Grants” shall mean all previous grants to the Consultant of (i) shares of Restricted Stock and (ii) grants of stock options (the “Options”) to purchase common stock of the Company, par value $0.001 per share (“Common Stock”), in each case which are subject to time-based vesting as set forth in the applicable Restricted Stock or Option agreement(s).

(ii) Vested Portion of Options: The Company and the Consultant hereby agree that Options are amended on the Effective Date to provide that the portions of such Options which are vested (the “Vested Options”) shall continue to be outstanding (regardless of the fact that the Consultant shall no longer be an employee of the Company as of the Effective Date) so long as this Agreement remains in effect and the Consultant maintains a service relationship with the Company pursuant to the Agreement and shall not terminate until the Agreement is terminated under Section 5 of the Agreement (but in no event shall such Vested Options remain outstanding later than the original expiration dates thereof).

(iii) The Company and the Consultant hereby agree that the Equity Grants are further amended effective on the Effective Date as follows:

(A) Consultant shall have 90 days following such termination of this Agreement in which to exercise any Options which are vested as of the termination date, after which 90- day period any unexercised stock options shall be forfeited to the Company.

(B) The vesting schedule of the unvested portion of the Equity Grant shall not be modified.

(C) No further grants of equity will be made to Consultant.

(D) The Consultant acknowledges that any outstanding Options may be treated as non-qualified stock options for tax purposes.

(iv) This Agreement shall amend the Equity Grant in accordance with applicable sections of the Company’s 2015 Equity Incentive Award Plan and Company’s 2017 Stock Incentive Plan.

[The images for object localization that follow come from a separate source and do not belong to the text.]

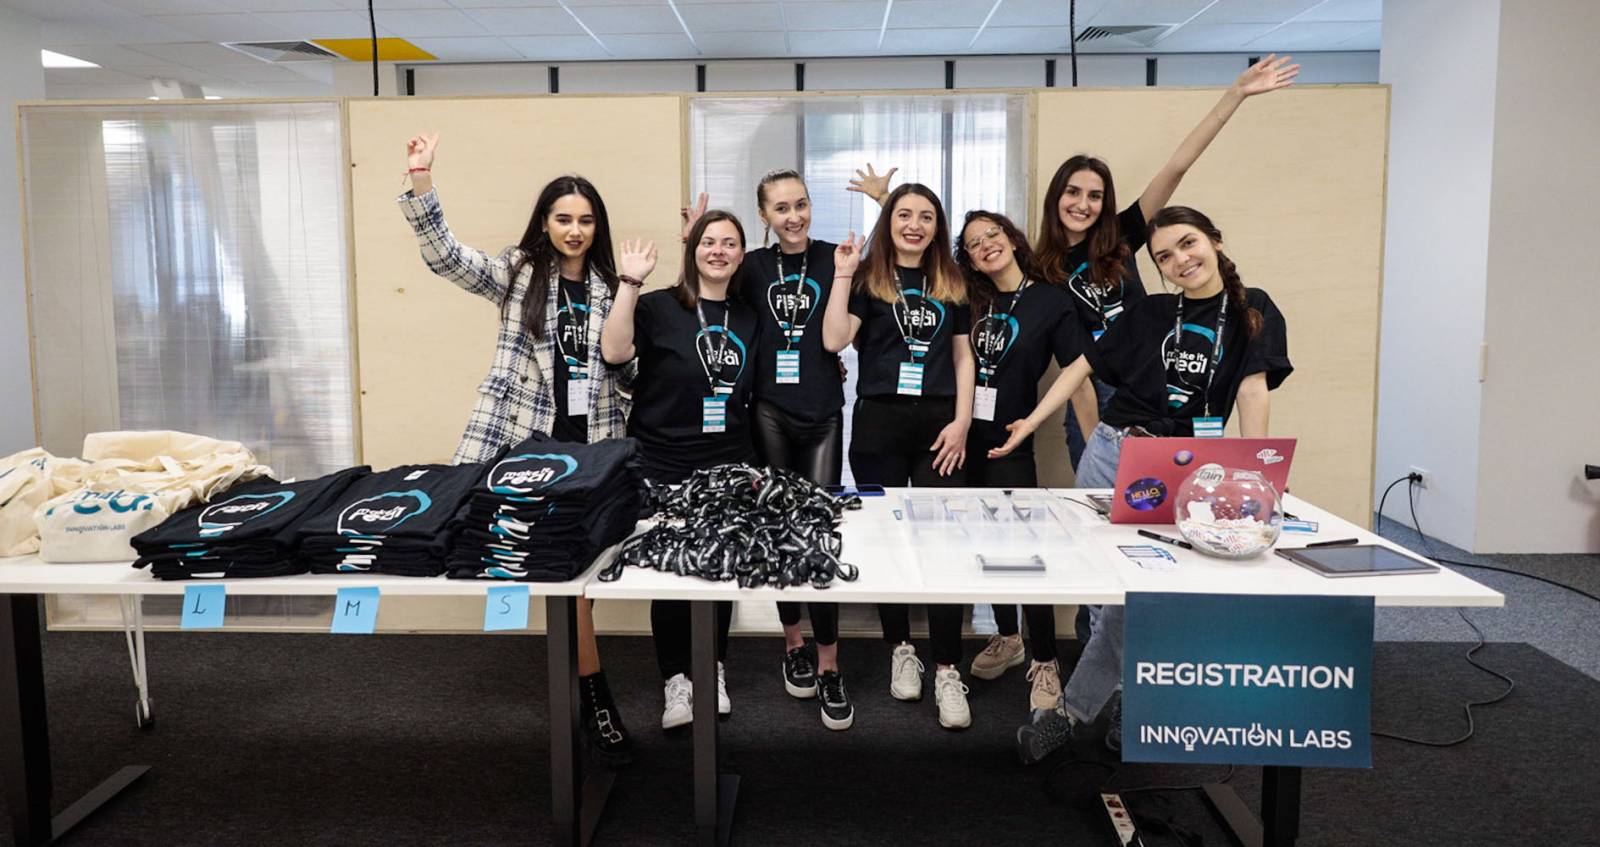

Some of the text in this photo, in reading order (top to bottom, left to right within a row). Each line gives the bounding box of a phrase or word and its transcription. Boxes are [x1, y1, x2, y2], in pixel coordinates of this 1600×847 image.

[1165, 358, 1208, 374] real
[496, 470, 555, 485] real
[192, 593, 206, 615] L
[344, 600, 361, 617] M
[499, 595, 511, 615] S
[1136, 662, 1354, 689] REGISTRATION
[1140, 723, 1352, 751] INNOVATION LABS
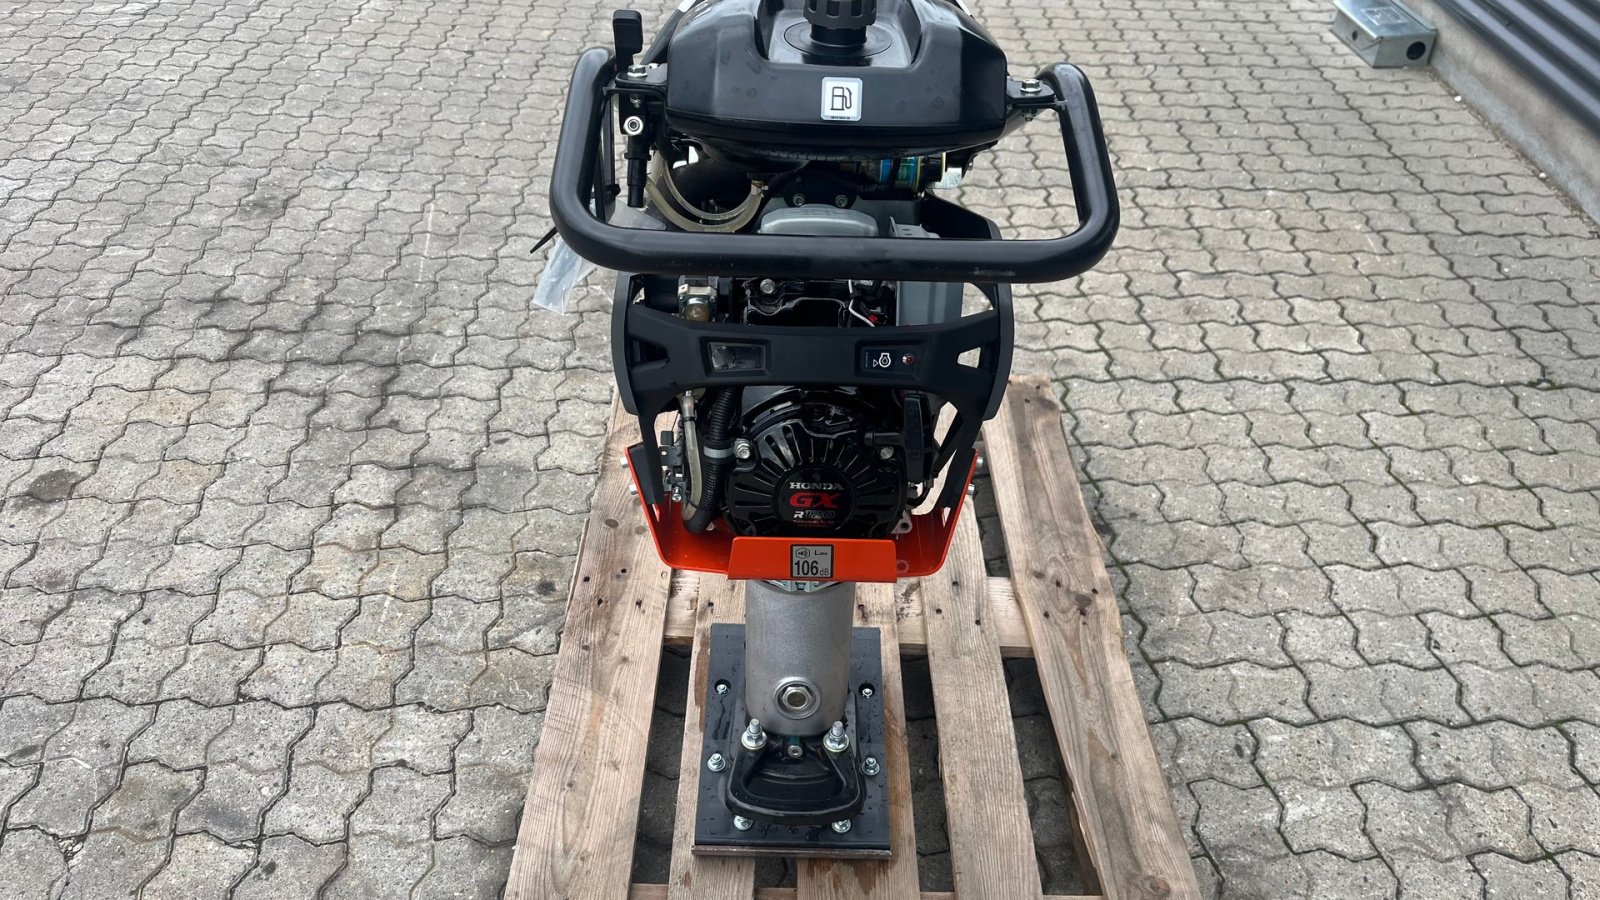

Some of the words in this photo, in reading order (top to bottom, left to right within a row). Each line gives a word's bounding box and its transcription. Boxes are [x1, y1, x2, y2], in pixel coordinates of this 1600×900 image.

The provisions of the Equity Grant, including without limitation the expiration dates of the Options, which are not amended or terminated hereby shall remain in effect unchanged. The Consultant acknowledges and agrees that they have no rights with respect to any equity grants made or promised to the Consultant by the Company prior to the Effective Date other than any rights with respect to the Vested Portion, and the Unvested Portion of the Equity Grant.

(v) The Company shall have the authority and shall withhold a portion of the Restricted Stock upon vesting and sell such shares on the Consultant’s behalf to satisfy all applicable tax obligations.

(vi) Notwithstanding the foregoing, upon the earlier of (a) the filing of a certificate of corporate dissolution with the Delaware Secretary of State or (b) the closing of a Change in Control, the Unvested Portion of each Equity Grant shall accelerate and become fully vested.

(vii) “Change of Control” shall mean the (i) the sale of the Company by merger in which the shareholders of the Company in their capacity as such no longer own a majority of the outstanding equity securities of the Company (or its successor); (ii) any sale of all or

 


 

substantially all of the assets or capital stock of the Company (other than in a spin-off or similar transaction); or (iii) any other acquisition of the business of the Company, as determined by the Company’s Board of Directors in their sole discretion.

D. All payments and benefits provided for under this Agreement are intended to be exempt from or otherwise comply with the requirements of Section 409A of the Internal Revenue Code of 1986, as amended, and the regulations and guidance thereunder (together, “Section 409A”) so that none of the payments to be provided hereunder will be subject to the additional tax imposed under Section 409A, and any ambiguities or ambiguous terms herein will be interpreted to be exempt or so comply. Each payment and benefit payable under this Agreement is intended to constitute a separate payment for purposes of Section 1.409A-2(b)(2) of the Treasury Regulations.